# Who has powder coated their bike?



## Slow poke (Jul 23, 2013)

Well I finally stripped my son's bike down and wasn't happy with the paint on the bike. Too many scrapes for my liking especially when it is going to receive all new or like new parts. If you powder coated your bike can you post a pic so I can get some ideas. Im probably thinking about going with a glossy or flat black.


----------



## jestep (Jul 23, 2004)

I've seen it done but I think they had worse problems with chipping than if it were just re-painted.


----------



## Cornfield (Apr 15, 2012)

That frame isn't worth the time and money to powder coat. I'd look at putting that money toward something with more current standards that will last a few more years.


----------



## Slow poke (Jul 23, 2013)

That's weird. I was under the impression it would be more durable. I know a few people did it in this section I just can't find their posts.


----------



## Slow poke (Jul 23, 2013)

Well I was quoted 50$ to get it powder coated so I was like why not?


----------



## Cornfield (Apr 15, 2012)

For the price of "all new or like new parts" and powder coating you might think about putting that money towards a new bike with current standards that would allow for future upgrades. 

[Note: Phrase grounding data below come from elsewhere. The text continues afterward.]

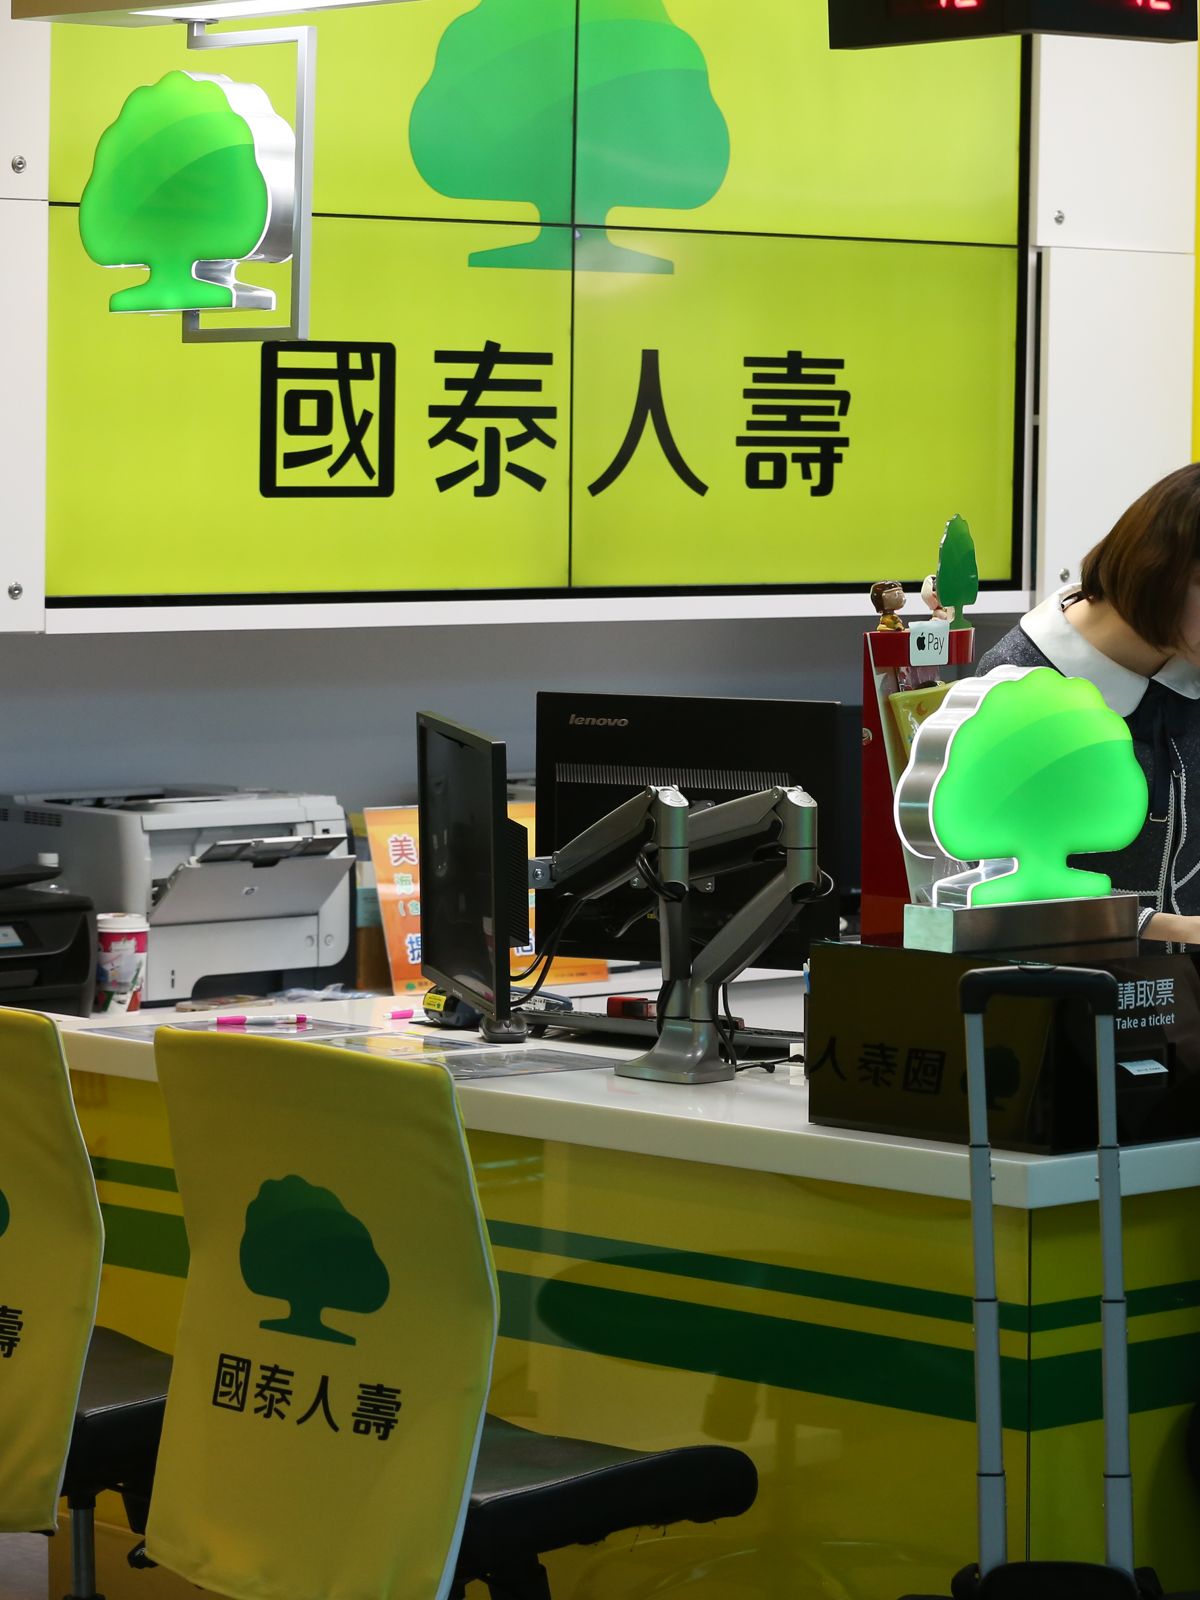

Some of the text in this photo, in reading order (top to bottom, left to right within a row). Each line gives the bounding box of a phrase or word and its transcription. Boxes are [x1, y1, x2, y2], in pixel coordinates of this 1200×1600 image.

[260, 340, 851, 497] 國泰人壽
[927, 633, 945, 655] Pay
[569, 714, 629, 727] lenovo
[1117, 979, 1175, 1010] 請取票
[1116, 1013, 1175, 1030] Take a ticket
[212, 1353, 402, 1440] 國泰人壽

I personally wouldn't spend any time on a frame with rim brakes and a straight steerer, unless it was a classic MTB or BMX frame.


----------



## work765 (May 7, 2015)

Do they remove the previous paint too for that price?


Sent from my iPhone using Tapatalk


----------



## jestep (Jul 23, 2004)

Slow poke said:


> That's weird. I was under the impression it would be more durable. I know a few people did it in this section I just can't find their posts.


Just guessing but I think the thickness makes it more likely chip rather than scrape, could have been some bad powder coating jobs though.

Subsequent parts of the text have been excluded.